Provided entries:
- - -

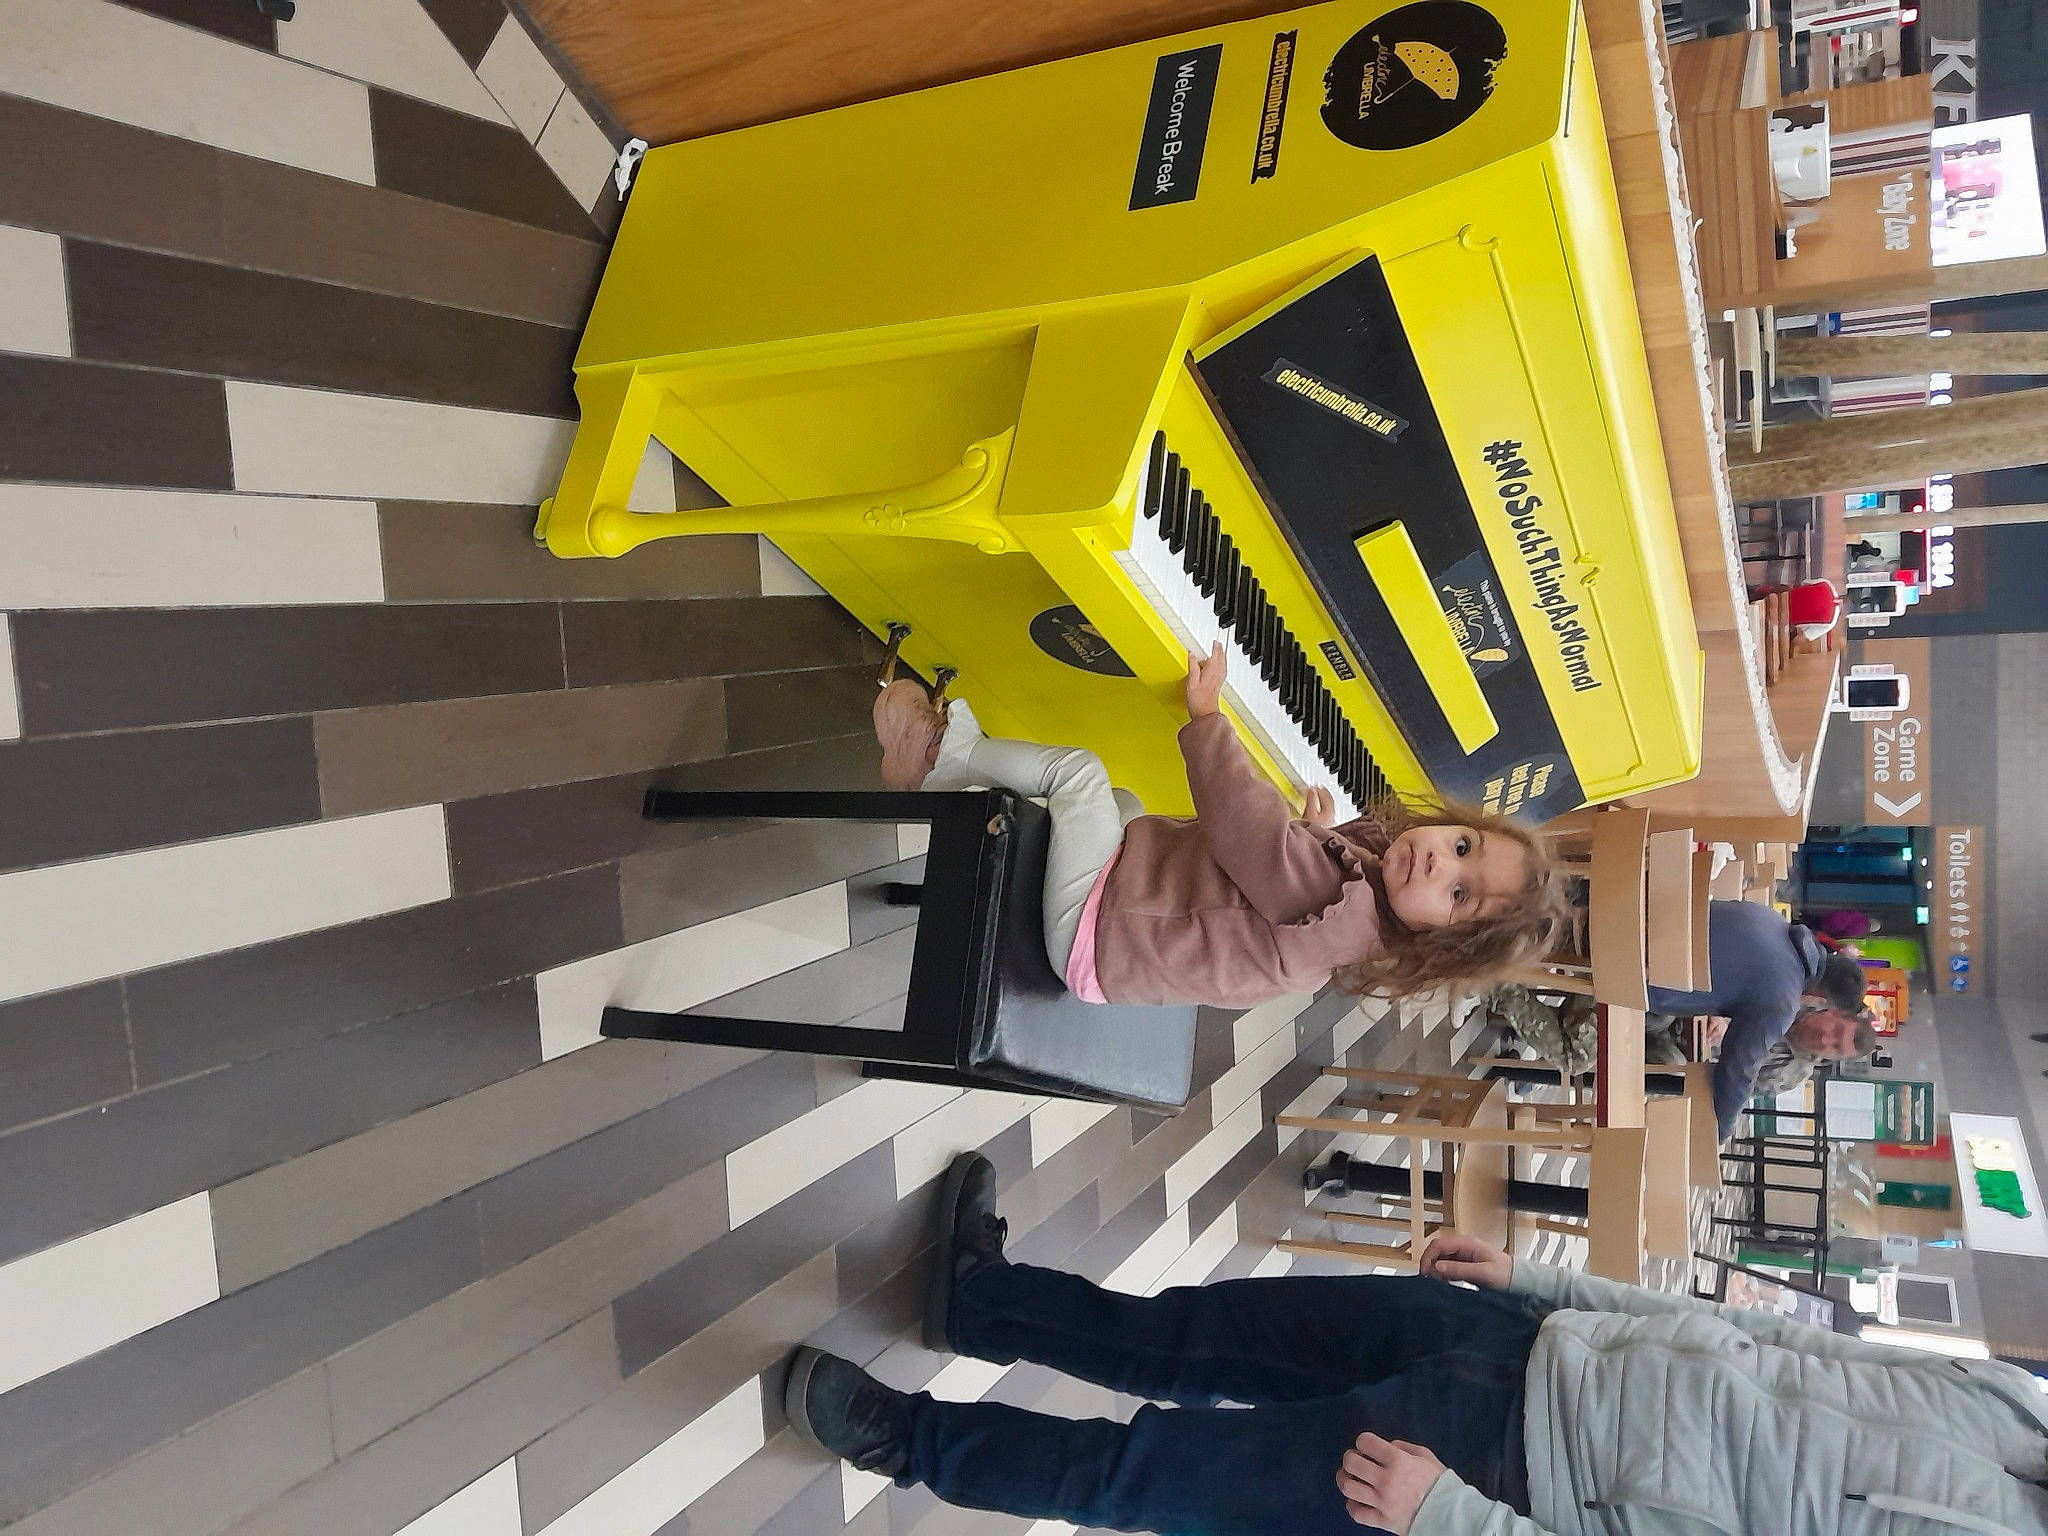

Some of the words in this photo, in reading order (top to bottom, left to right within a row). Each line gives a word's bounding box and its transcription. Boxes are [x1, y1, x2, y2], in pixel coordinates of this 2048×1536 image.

[1163, 59, 1198, 140] Welcome
[1256, 40, 1292, 170] electricumbrella.co.uk
[1357, 61, 1376, 120] UMBRELLA
[1930, 37, 1976, 123] KF
[1154, 140, 1183, 195] Break
[1876, 182, 1914, 214] Baby
[1884, 214, 1917, 251] Zone
[1275, 368, 1397, 436] electricumbrella.co.uk
[1482, 439, 1602, 693] #NoSuchThingAsNormal
[1529, 763, 1555, 799] Please
[1873, 726, 1896, 783] Zone
[1898, 717, 1922, 782] Game
[1948, 829, 1971, 899] Toilets

- - -

What to do:
An exact reproduction of the data above is required, with every picture removed.

Response to this task:
Some of the words in this photo, in reading order (top to bottom, left to right within a row). Each line gives a word's bounding box and its transcription. Boxes are [x1, y1, x2, y2], in pixel coordinates of this 2048×1536 image.

[1163, 59, 1198, 140] Welcome
[1256, 40, 1292, 170] electricumbrella.co.uk
[1357, 61, 1376, 120] UMBRELLA
[1930, 37, 1976, 123] KF
[1154, 140, 1183, 195] Break
[1876, 182, 1914, 214] Baby
[1884, 214, 1917, 251] Zone
[1275, 368, 1397, 436] electricumbrella.co.uk
[1482, 439, 1602, 693] #NoSuchThingAsNormal
[1529, 763, 1555, 799] Please
[1873, 726, 1896, 783] Zone
[1898, 717, 1922, 782] Game
[1948, 829, 1971, 899] Toilets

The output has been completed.